> _Requirement_
Set down again each entry exactly as it reads, pictures excluded.

[Dataset records]
■ ■ ■
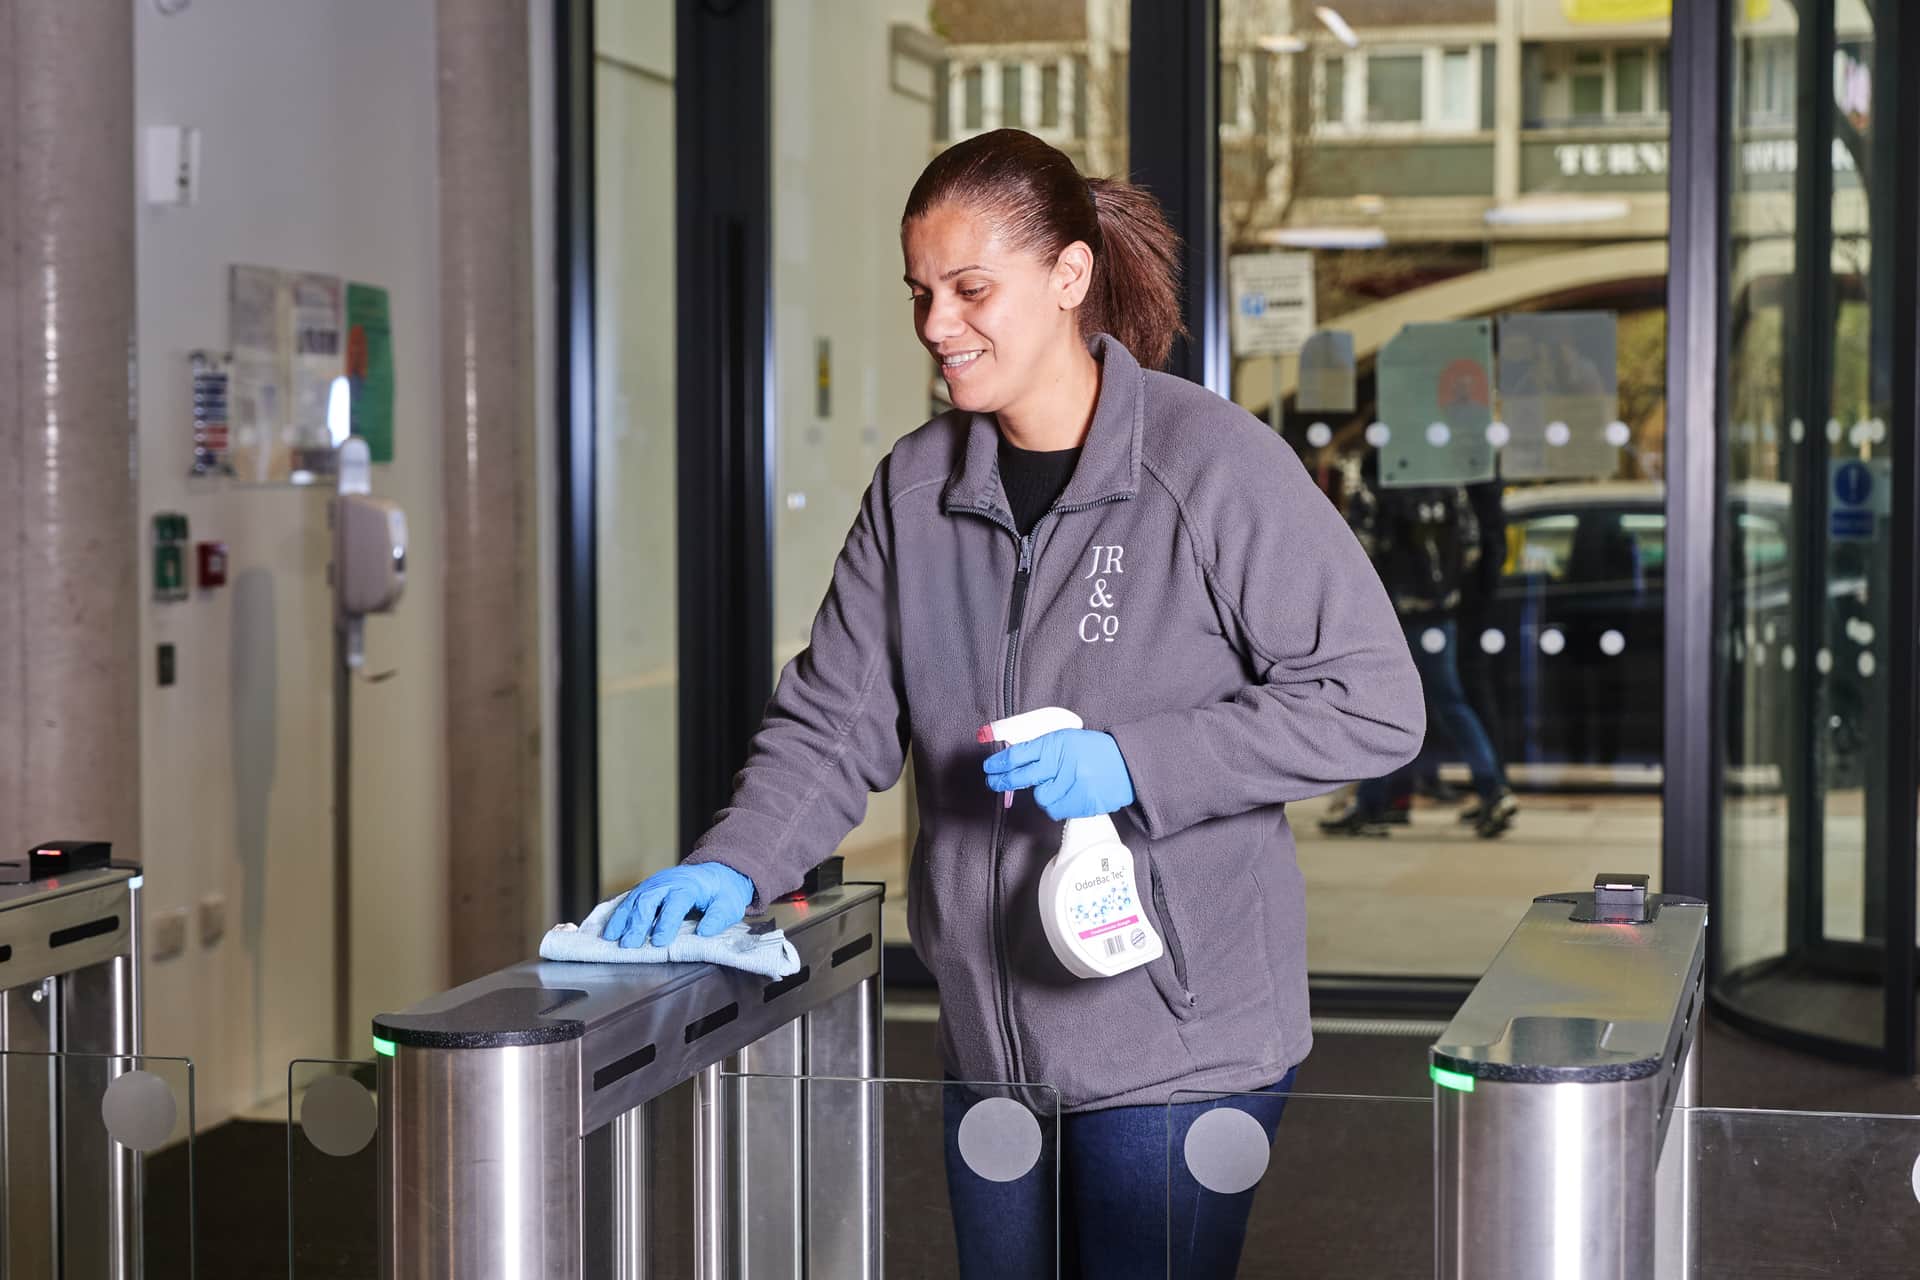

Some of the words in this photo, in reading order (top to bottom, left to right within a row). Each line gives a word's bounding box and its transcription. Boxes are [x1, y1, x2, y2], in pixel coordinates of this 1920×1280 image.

[1085, 545, 1124, 579] JR
[1090, 578, 1114, 608] &
[1075, 875, 1110, 891] OdorBac
[1111, 871, 1124, 881] Tec
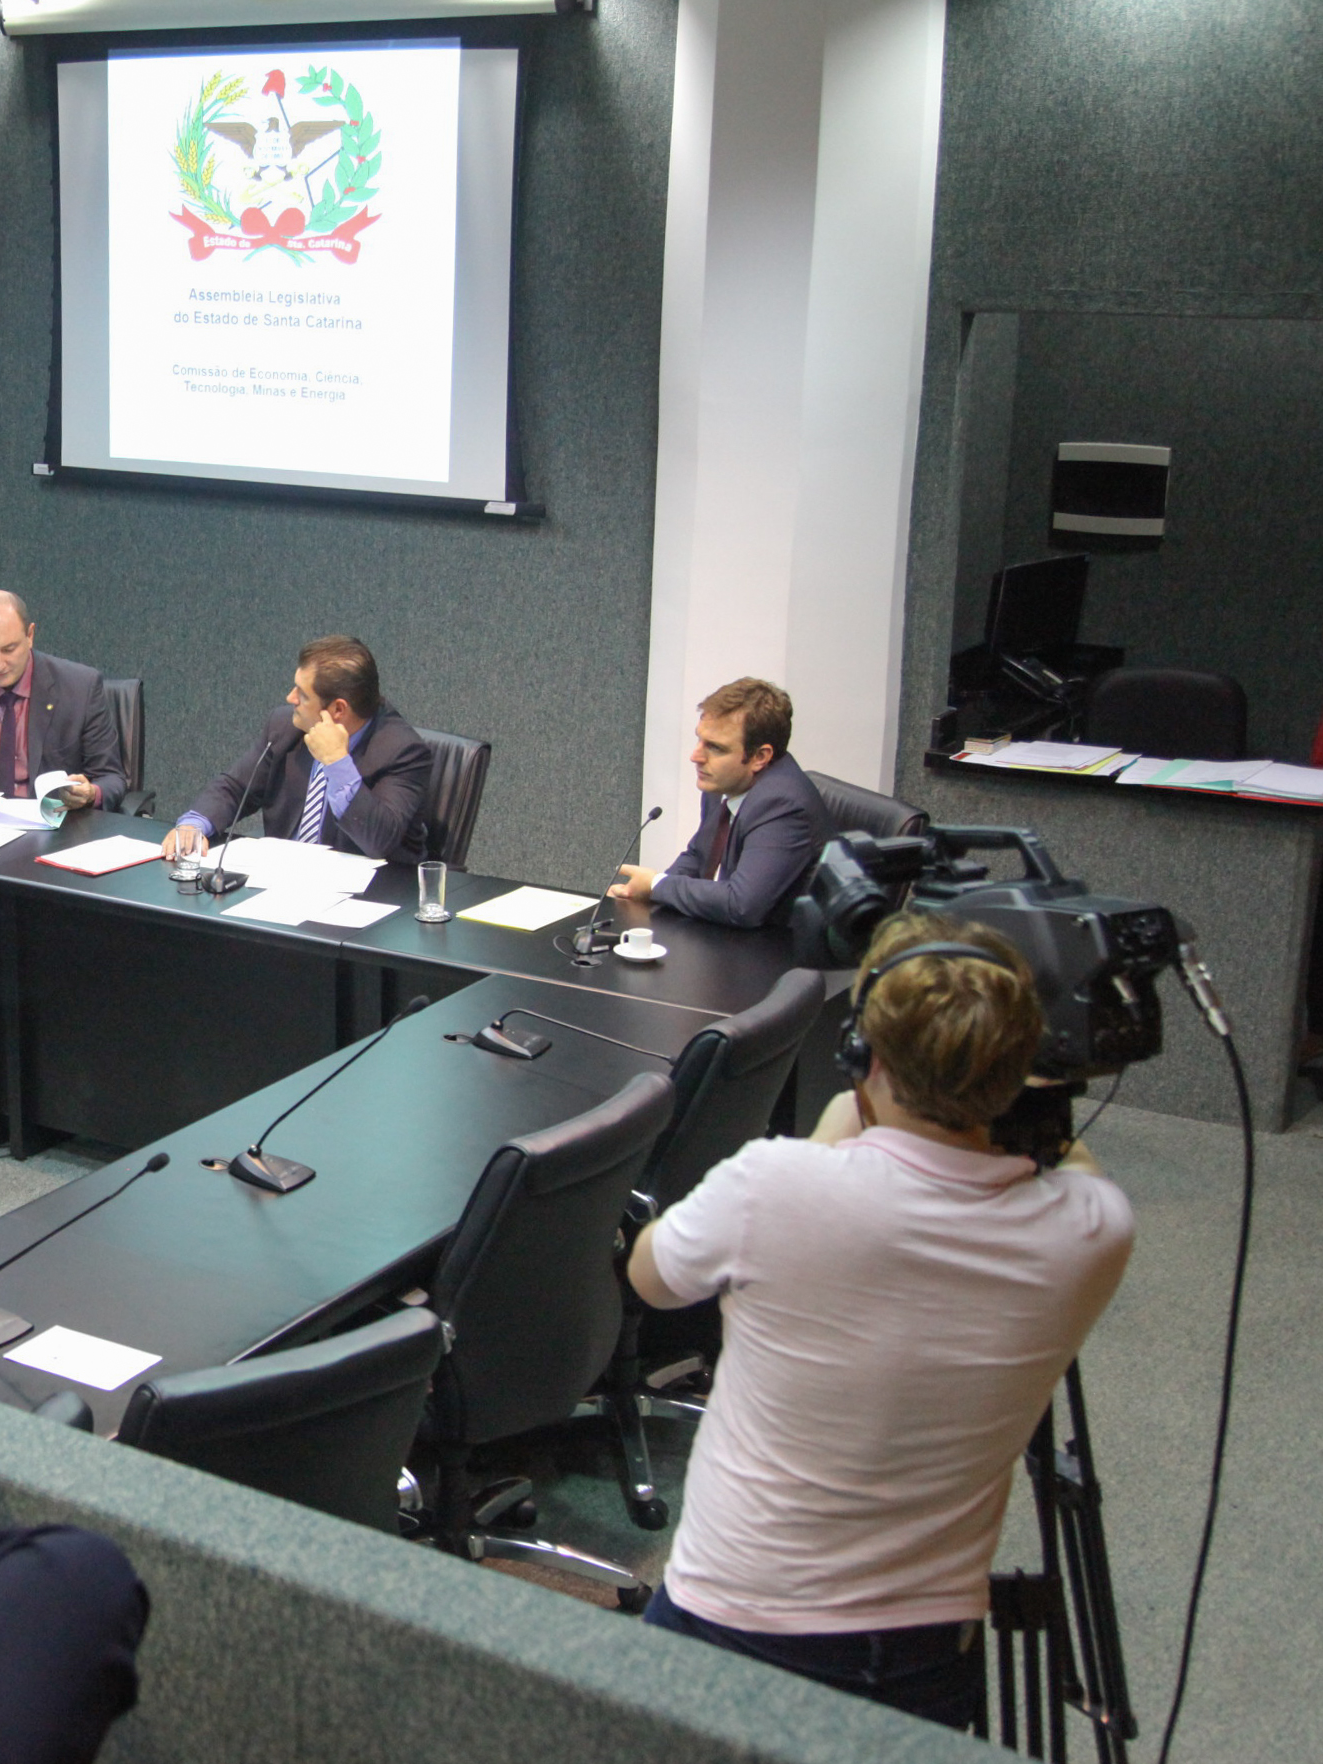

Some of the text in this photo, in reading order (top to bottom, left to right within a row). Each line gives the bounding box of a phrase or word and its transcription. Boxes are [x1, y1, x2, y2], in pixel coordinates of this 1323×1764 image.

[203, 236, 237, 248] Estado
[308, 239, 352, 251] Catarina
[188, 288, 341, 307] Assembleia Legislativa
[173, 310, 363, 330] do Estado de Santa Catarina
[172, 363, 228, 378] Comissão
[232, 366, 246, 379] de
[252, 384, 286, 398] Minas
[289, 388, 296, 398] e
[300, 386, 346, 403] Energia
■ ■ ■
> _Reply_
Some of the words in this photo, in reading order (top to bottom, left to right within a row). Each line gives a word's bounding box and its transcription. Boxes are [x1, y1, x2, y2], in pixel coordinates of this 1920×1280 image.

[1085, 545, 1124, 579] JR
[1090, 578, 1114, 608] &
[1075, 875, 1110, 891] OdorBac
[1111, 871, 1124, 881] Tec

Some of the text in this photo, in reading order (top to bottom, left to right within a row). Each line gives the bounding box of a phrase or word and its transcription. Boxes are [x1, y1, x2, y2], in pixel coordinates of this 1323×1764 image.

[203, 236, 237, 248] Estado
[308, 239, 352, 251] Catarina
[188, 288, 341, 307] Assembleia Legislativa
[173, 310, 363, 330] do Estado de Santa Catarina
[172, 363, 228, 378] Comissão
[232, 366, 246, 379] de
[252, 384, 286, 398] Minas
[289, 388, 296, 398] e
[300, 386, 346, 403] Energia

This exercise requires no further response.